Note for some (A, P) pairs, it is possible that n₁ = n₂ which results in h = 0, that is, moving parent A to ‘Suggests’ of P won’t reduce the number of P’s strong dependencies. It mostly occurs when a second parent, denoted as B, also depends on A (directly or indirectly). Thus, only moving A to ‘Suggests’ of P won’t affect that A is still imported as a strong dependency by B. For example, the package GenomicRanges is a parent of the package bsseq where GenomicRanges is a general-purpose package for dealing with genomic intervals. bsseq has a second parent package BSgenome that also depends on GenomicRanges. Thus, moving GenomicRanges to ‘Suggests’ of bsseq won’t change the number of strong dependencies for bsseq because BSgenome still imports it. As a result, GenomicRanges contribute zero heaviness on bsseq as its parent.

3 Results

The result of a dependency heaviness analysis is represented as a customized heatmap. Figure 1 demonstrates the dependency heatmap for the package ComplexHeatmap. ComplexHeatmap’s strong and weak parents are rows split by their dependency relations, that is, ‘Depends’, ‘Imports’ or ‘Suggests’. The dependency packages imported by each parent are columns and they are split into two groups: base packages and other packages. The red, dark green and blue cells correspond to dependency packages that each parent requires. The total of all strong dependencies required for ComplexHeatmap are marked by purple lines on both rows and columns. On the right side of the dependency heatmap, there are three additional bar plot annotations. The first bar plot annotation illustrates the numbers of functions or classes imported from parents, which are parsed from ComplexHeatmap’s NAMESPACE file. In general, the bar plot can distinguish the following different scenarios of imports from a parent to a child package: (i) The whole namespace is imported. (ii) A limited number of functions are imported. (iii) A limited number of S4 methods/classes is imported (e.g. in package biovizBase). (iv) The whole namespace excluding a limited number of functions is imported (e.g. in package dplyr). (v) No function is imported but the parent still has an ‘Imports’ relation to the child package (e.g. in package ggplot2). The second bar plot annotation illustrates the number of required packages for each strong or weak parent, which is simply the number of hits on the corresponding row. The third bar plot annotation illustrates the heaviness of each strong or weak parent package on ComplexHeatmap, which is the number of required packages uniquely imported by the parent while not by all other strong parents.

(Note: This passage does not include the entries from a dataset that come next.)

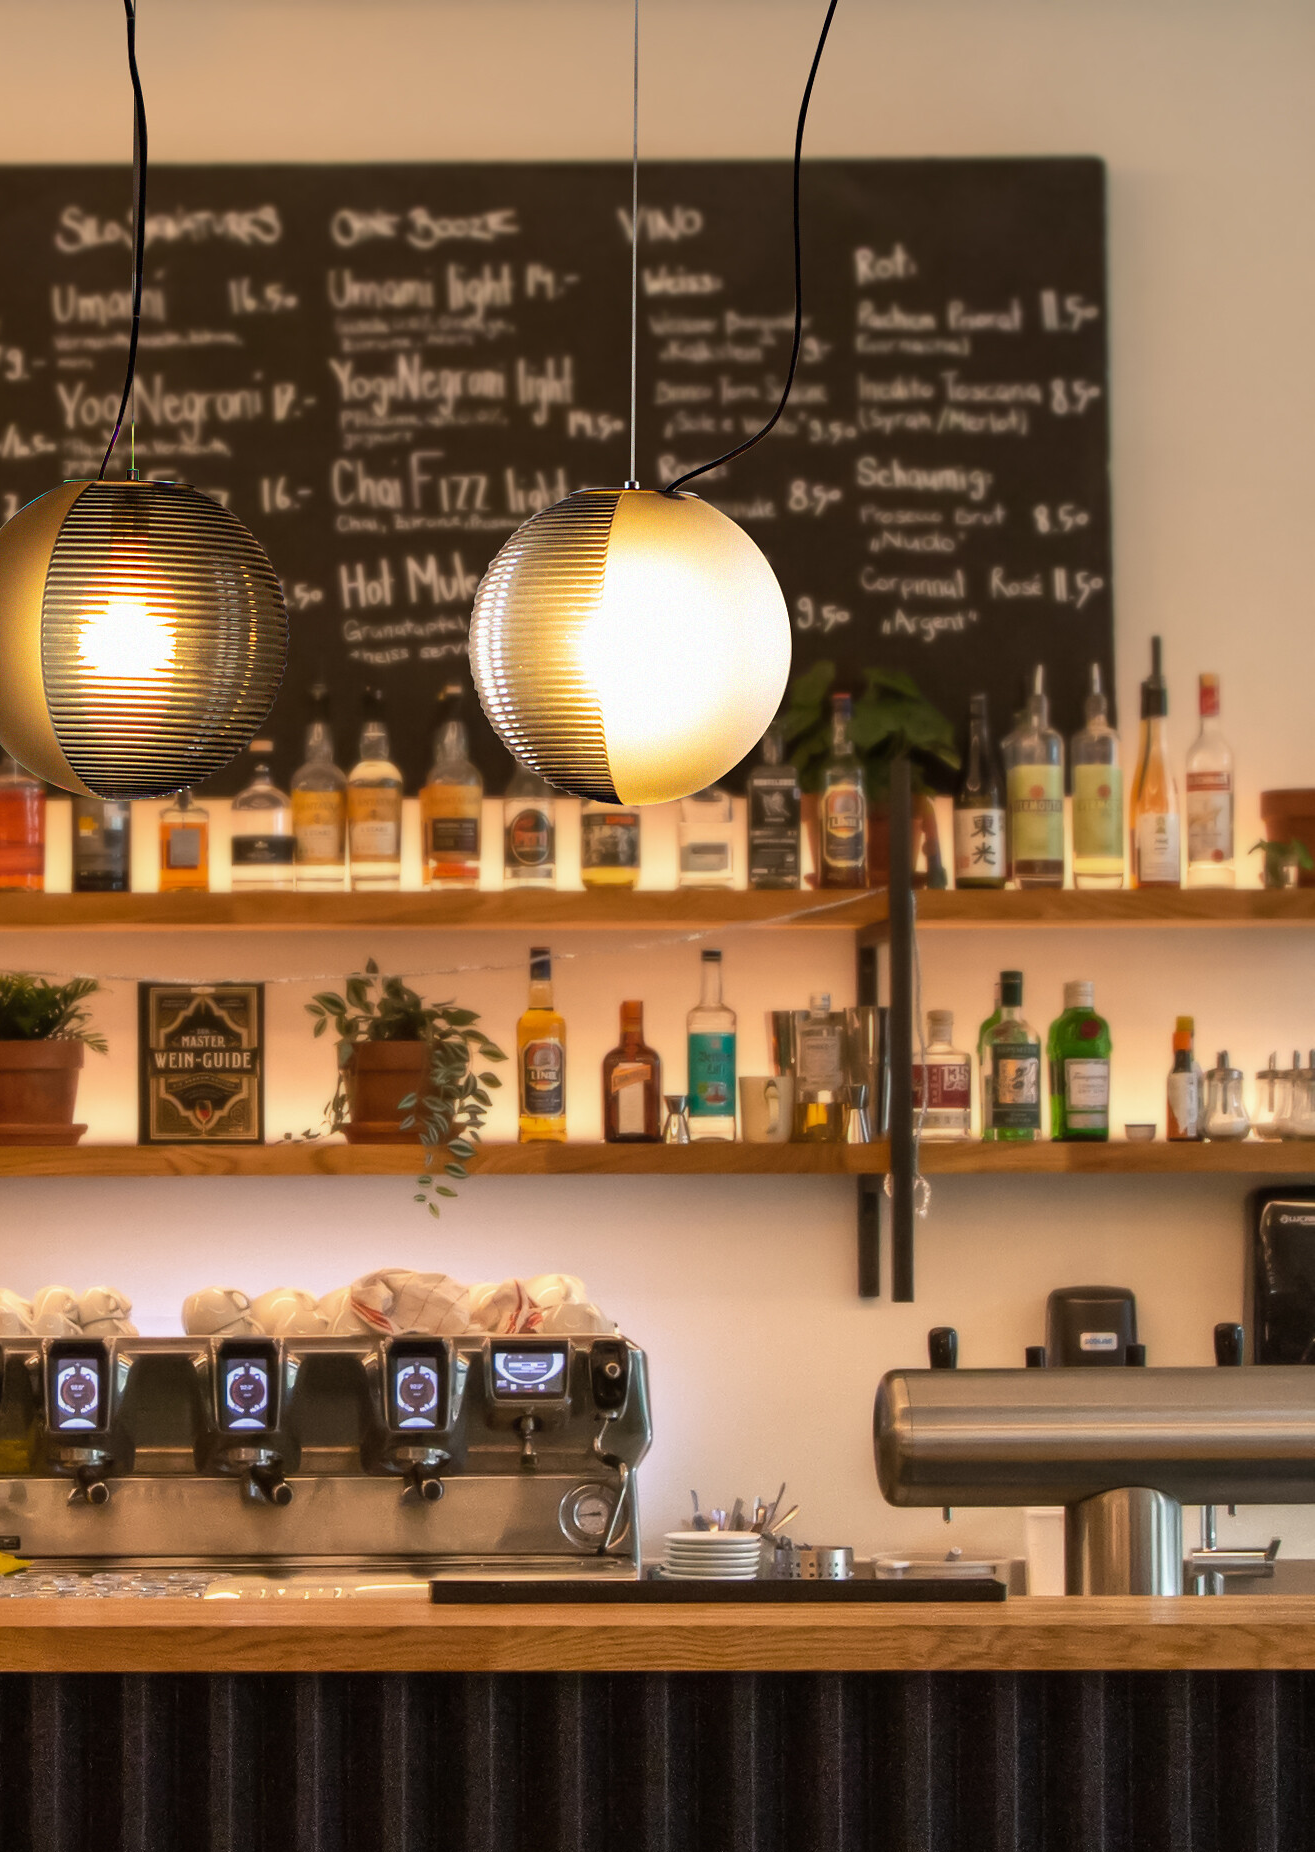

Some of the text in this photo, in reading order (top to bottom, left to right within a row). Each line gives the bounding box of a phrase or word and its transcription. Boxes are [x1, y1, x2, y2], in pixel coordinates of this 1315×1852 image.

[617, 206, 704, 243] VINO
[446, 262, 513, 324] light
[516, 353, 573, 426] light
[940, 369, 1043, 406] Toscana
[333, 458, 404, 510] Chai
[340, 552, 479, 610] Hot Mule
[154, 1052, 252, 1069] WEIN-GUIDE
[181, 1036, 226, 1048] MASTER

Fig. 1. — Dependency heaviness analysis of the package *ComplexHeatmap*. The interpretation of the plot can be found in the main text

As illustrated in Figure 1, ComplexHeatmap has 30 strong dependency packages, while if including dependencies from all weak parents as well, the number will dramatically increase to 122 (more than four times more). Since we are also the developers of ComplexHeatmap, during the development, we moved some heavy parents, which only provide enhanced functionalities for ComplexHeatmap but are not expected to be frequently used, to ‘Suggests’, such as the package dendextend (contributing a heaviness of 32) which is only used for coloring dendrogram branches, and the package gridtext (contributing a heaviness of 14) which is only used for customizing text formats in heatmaps. These two packages are only required when the corresponding functionalities are used.

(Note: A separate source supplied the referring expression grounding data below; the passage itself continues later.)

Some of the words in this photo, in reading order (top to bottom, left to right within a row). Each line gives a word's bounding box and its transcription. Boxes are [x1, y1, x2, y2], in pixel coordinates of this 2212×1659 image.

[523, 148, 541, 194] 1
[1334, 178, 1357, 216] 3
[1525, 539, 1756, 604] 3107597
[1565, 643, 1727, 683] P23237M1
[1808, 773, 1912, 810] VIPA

The dependency heatmap gives hints for reducing dependency complexity of a package. Generally speaking, if a parent has a high heaviness compared with other parents, an optimization might be considered, especially if only a few functions are imported from that parent. In Supplementary File S1 which contains dependency heaviness analysis for the package mapStats, an extremely heavy parent Hmisc can be observed where Hmisc has a heaviness of 49 which is almost 60% of the total number of required packages of mapStats. If moving Hmisc to ‘Suggests’ of mapStats, the number of strong dependencies can be reduced from 83 to 34. The first bar plot annotation shows there is only one function imported from Hmisc. A deep inspection into the source code of mapStats reveals that a function capitalize() from Hmisc is only imported to mapStats. capitalize() is a simple function that only capitalizes the first letter of a string. The 49 additional dependencies imported from Hmisc can be avoided by simply reimplementing a function capitalize() by the developer’s own.

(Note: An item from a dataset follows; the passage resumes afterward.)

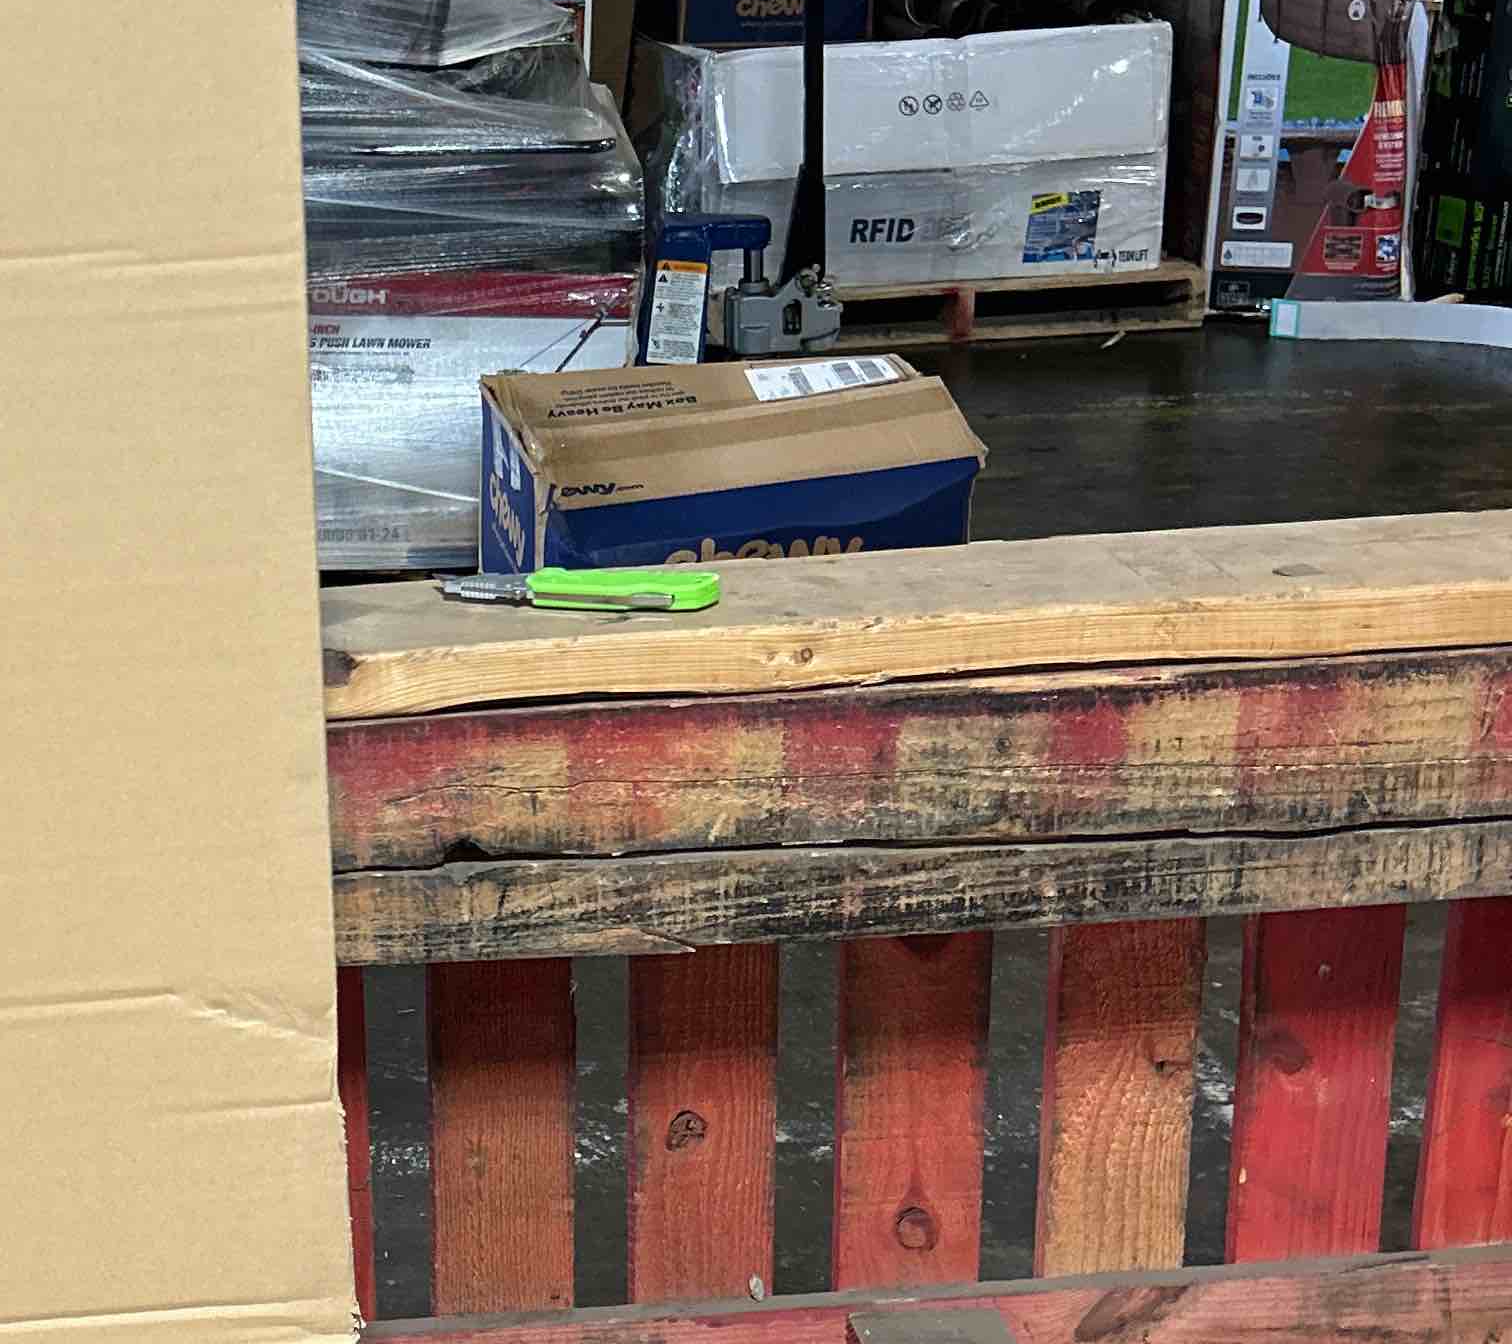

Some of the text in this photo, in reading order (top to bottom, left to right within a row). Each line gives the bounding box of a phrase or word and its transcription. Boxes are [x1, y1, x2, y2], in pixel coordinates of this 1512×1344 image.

[850, 219, 914, 243] RFID
[319, 337, 350, 349] PUSH
[351, 337, 385, 349] LAWN
[387, 338, 432, 349] MOWER

In the package pkgndep, the function pkgndep() performs dependency heaviness analysis for a specific package. Later the function plot() generates the dependency heatmap and the function dependency_report() generates an HTML report of the complete dependency analysis.

We performed heaviness analysis for all 18 638 CRAN packages and 3438 Bioconductor packages retrieved on June 8, 2022 (Supplementary File S2, also available at https://pkgndep.github.io/). We systematically analyzed the heaviness of packages on their child packages. For a package denoted as P, the mean heaviness over those children for which P is a strong parent was calculated. This metric also measures the expected number of additional dependencies brought to a package if P is added as a new strong parent. On top of the list of packages ordered by their heaviness on children (Supplementary File S3), we found there are some popular R packages for bioinformatics analysis that have very high heaviness on their child packages, such as Seurat (85, 38 children), minfi (62, 38 children), WGCNA (52, 33 children) and Gviz (43, 37 children) where the first value in the parentheses is the average heaviness on their children. Thus, packages depending on these heavy parents should be aware of the risks from the huge dependencies they bring in.

4 Discussion and conclusion

Dependency heaviness analysis provides hints for reducing the complexity of package dependencies, but how to optimize the dependency depends on the specific use of parent packages in the corresponding package. As has been demonstrated in the example of mapStats, the heavy parent can be avoided by implementing a function with the same functionality as the imported one, but this scenario is not common. Common cases are when heavy parents are less used in analyses by users. This is typical for some bioinformatics packages which provide both core analysis and secondary analysis. Parent packages for secondary analysis might be arranged as weak parents (i.e. to be put in ‘Suggests’) if they are heavy and not expected to be frequently accessed by users (see an example in Supplementary File S4). Another solution is to separate large packages into several smaller packages where each one only focuses on a specific task, for example, the package remotes separated from the package devtools only focuses on installing packages from remote repositories, where remotes only has 4 strong dependencies, but devtools has 76. Nevertheless, there are still scenarios when reduction of heavy parents could not be performed: (i) A heavy parent provides core functionality to its child package and (ii) S4 methods or S4 classes are imported from a parent package.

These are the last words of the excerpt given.